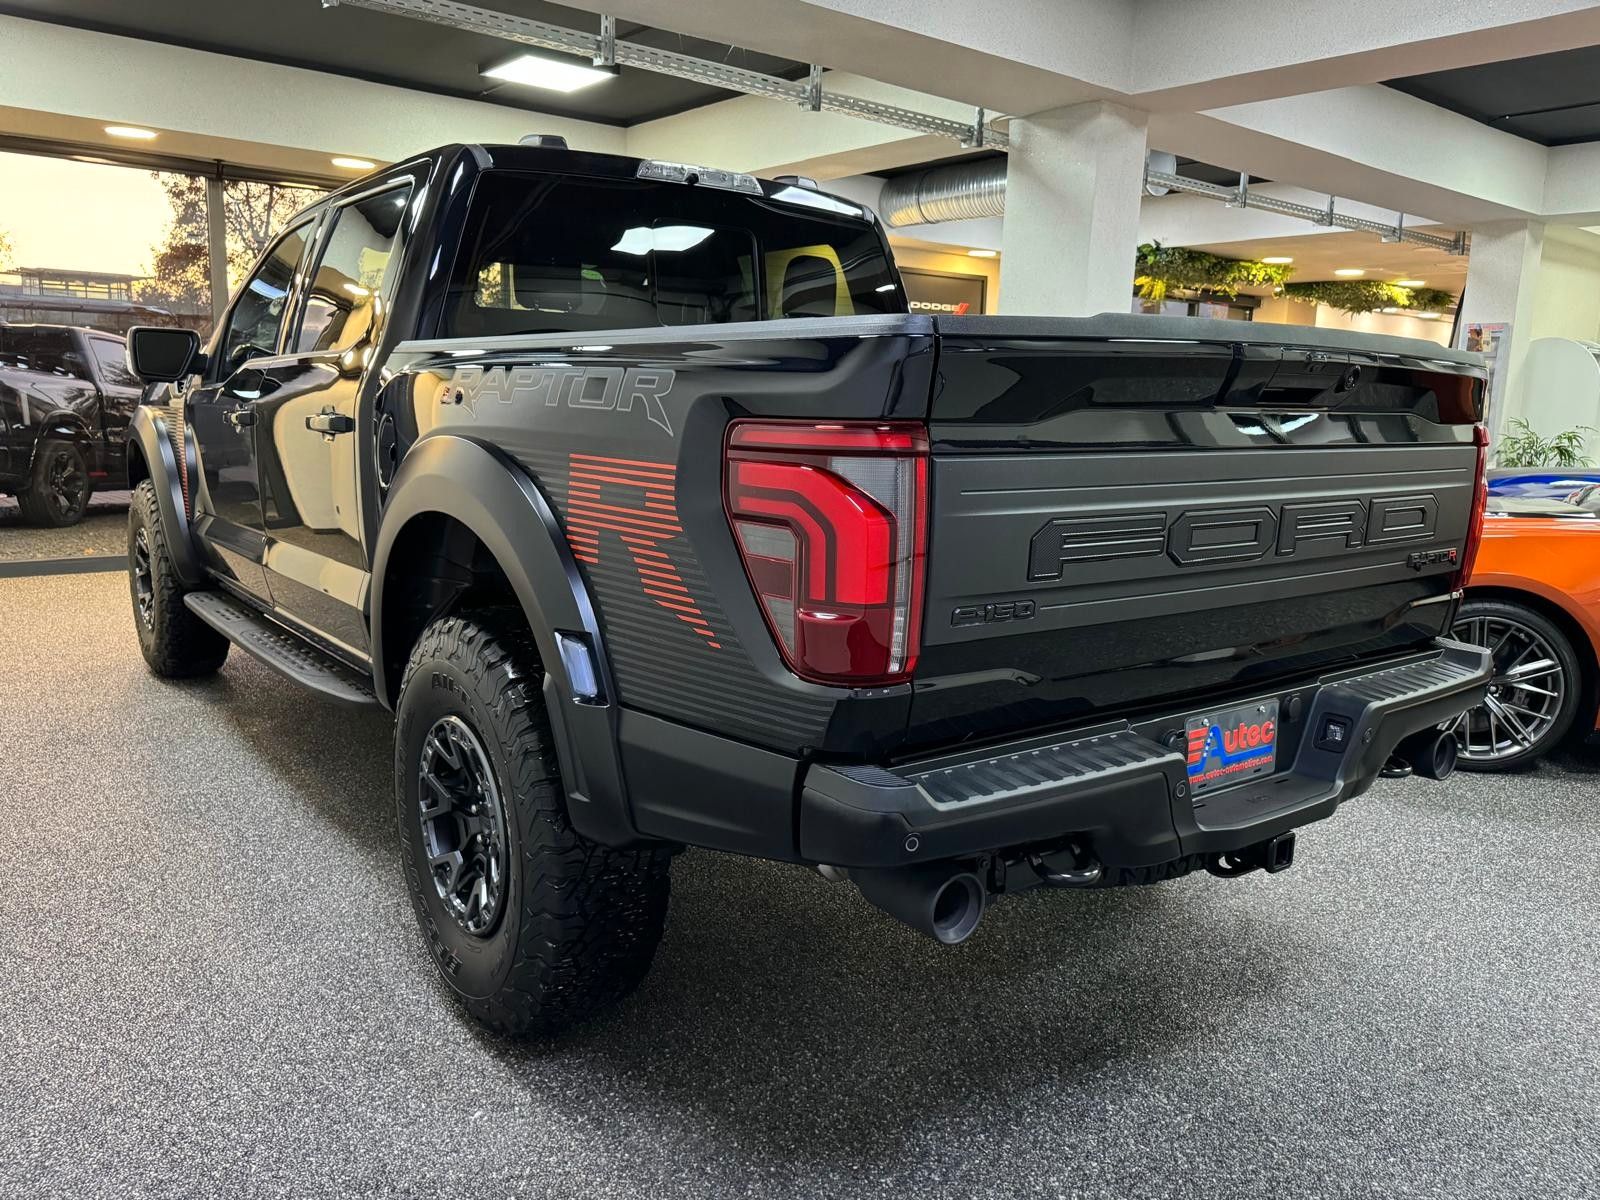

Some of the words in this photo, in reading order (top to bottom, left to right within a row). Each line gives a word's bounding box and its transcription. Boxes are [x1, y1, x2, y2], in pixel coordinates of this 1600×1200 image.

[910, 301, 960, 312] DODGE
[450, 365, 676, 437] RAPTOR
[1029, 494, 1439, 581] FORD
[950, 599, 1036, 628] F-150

________________________________________

# [Exercise requirements]
Across all the lines above, repeat the wording exactly and omit the pictures.

# [Answer to the exercise]
Some of the words in this photo, in reading order (top to bottom, left to right within a row). Each line gives a word's bounding box and its transcription. Boxes are [x1, y1, x2, y2], in pixel coordinates of this 1600×1200 image.

[910, 301, 960, 312] DODGE
[450, 365, 676, 437] RAPTOR
[1029, 494, 1439, 581] FORD
[950, 599, 1036, 628] F-150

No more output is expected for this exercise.